Le clivage complotistes/anticomplotistes s'accentue, autour d'un sujet aux enjeux bien plus lourds que "A-t-on marché sur la Lune ?" : le pourquoi et le comment de la crise sanitaire actuelle. Dans quelle mesure ce clivage n'est-il pas révélateur des tensions internes à notre société ?
Le complotisme, une erreur de raisonnement ?
Les médias main stream et autres sites anticomplotistes expliquent doctement que l'on reconnait une vidéo complotiste à l'utilisation d'un certain nombre de procédés, ainsi que l'expose par exemple Partager c'est sympa
Le plus révélateur serait le
Mille-feuille argumentatif
C'est-à-dire le fait de juxtaposer des arguments de toute nature, trop d'arguments, trop vite, trop longtemps, pour provoquer une sidération qui facilite l'adhésion. Et effectivement, les 2h30 d'Hold up Covid y excelle.

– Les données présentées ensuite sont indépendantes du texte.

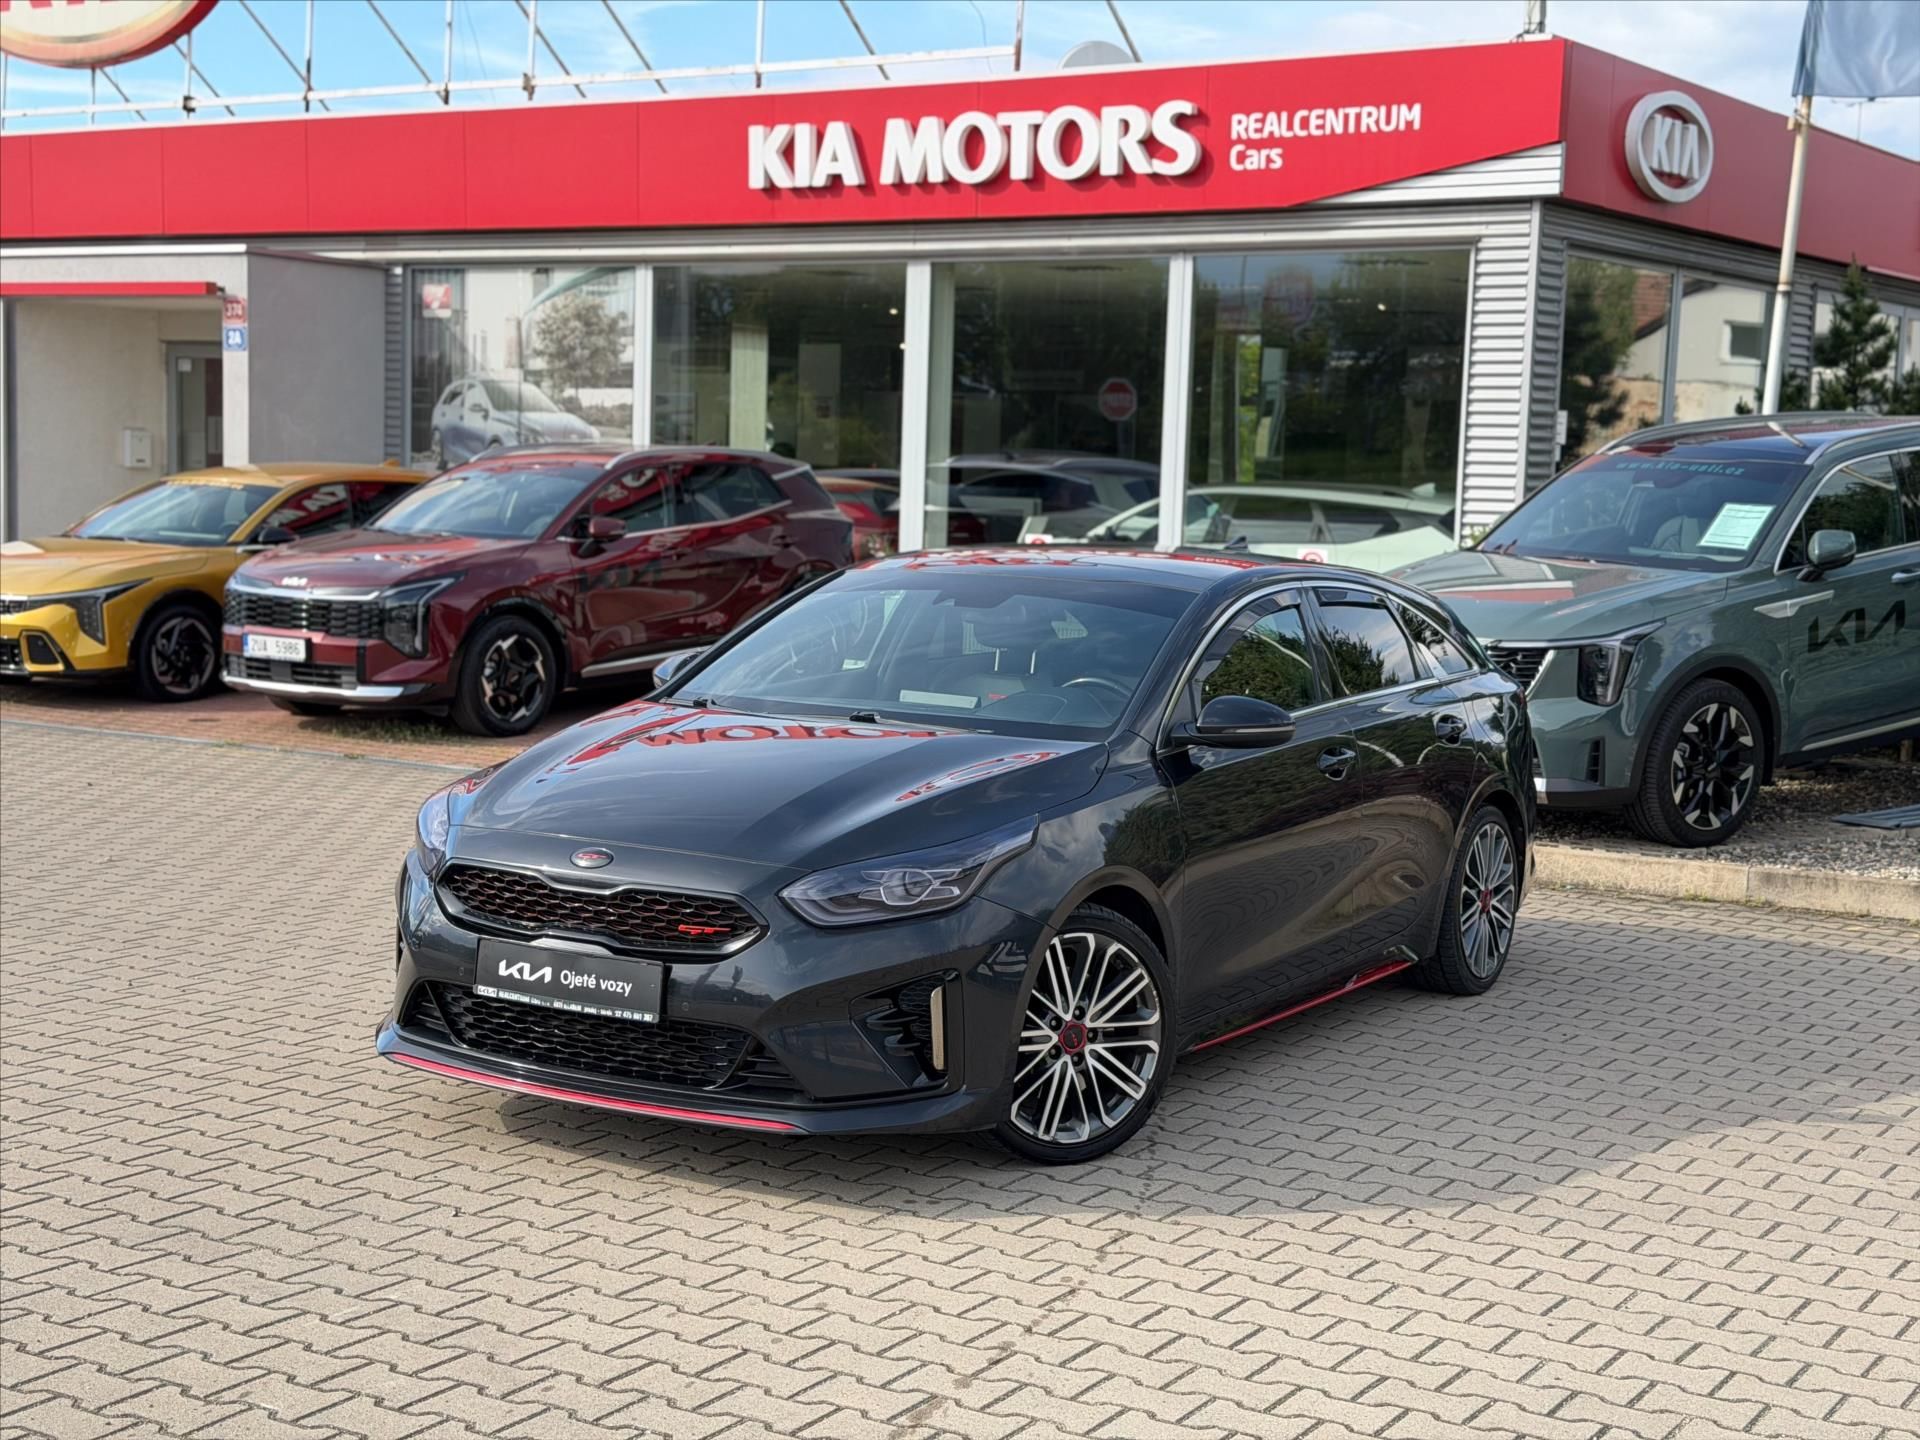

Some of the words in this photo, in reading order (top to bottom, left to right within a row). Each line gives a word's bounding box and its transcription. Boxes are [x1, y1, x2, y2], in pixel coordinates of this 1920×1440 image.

[748, 120, 867, 189] KIA
[879, 99, 1201, 186] MOTORS
[1230, 102, 1422, 141] REALCENTRUM
[1229, 143, 1284, 172] Cars
[1650, 112, 1701, 180] KIA
[1806, 599, 1906, 655] KIA
[498, 959, 553, 984] KIA
[560, 969, 597, 989] Ojeté
[599, 978, 633, 998] vozy

Mais, si l'on prend un peu de recul, ne peut-on penser que tous les médias aujourd'hui font du mille-feuille ?
Que penser de l'info en continu de BFM ? Est-ce que ce n'est pas précisément un mille-feuille, même pas argumenté ?

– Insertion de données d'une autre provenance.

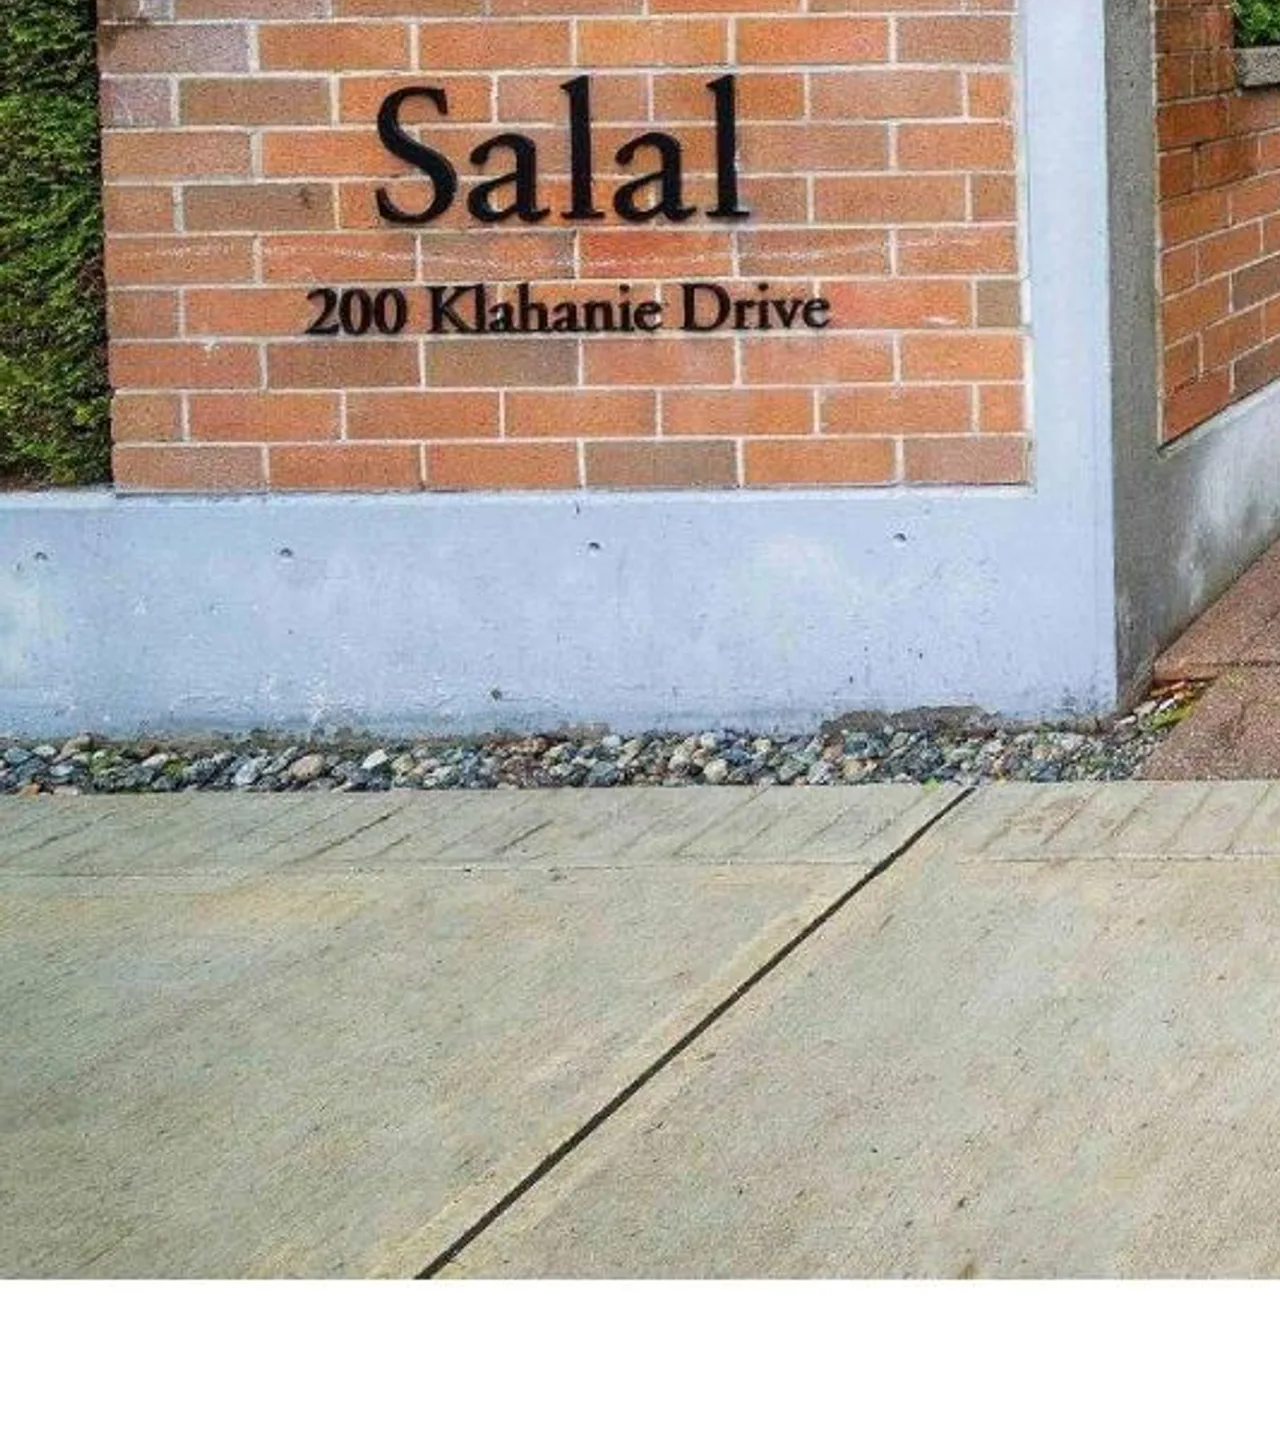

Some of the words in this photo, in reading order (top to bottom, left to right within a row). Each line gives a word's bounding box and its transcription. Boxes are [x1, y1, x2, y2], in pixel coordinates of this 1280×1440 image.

Et si l'on regarde un large panel de vidéos Youtube à volonté vulgarisatrice, ne font-elles pas exactement la même chose ?
Plus fondamentalement, cette impression d'avalanche d'informations n'est-elle pas le quotidien de tout lycéen ou étudiant ?
Et, au fond, toute argumentation n'est-elle pas un mille-feuille ? Certes, une argumentation de qualité est un cheminement mais en rencontre-t-on souvent ?
La norme de l'exposition d'informations EST le mille-feuille et en faire un critère de reconnaissance de complotisme est au mieux inefficace, au pire... Condescendant ?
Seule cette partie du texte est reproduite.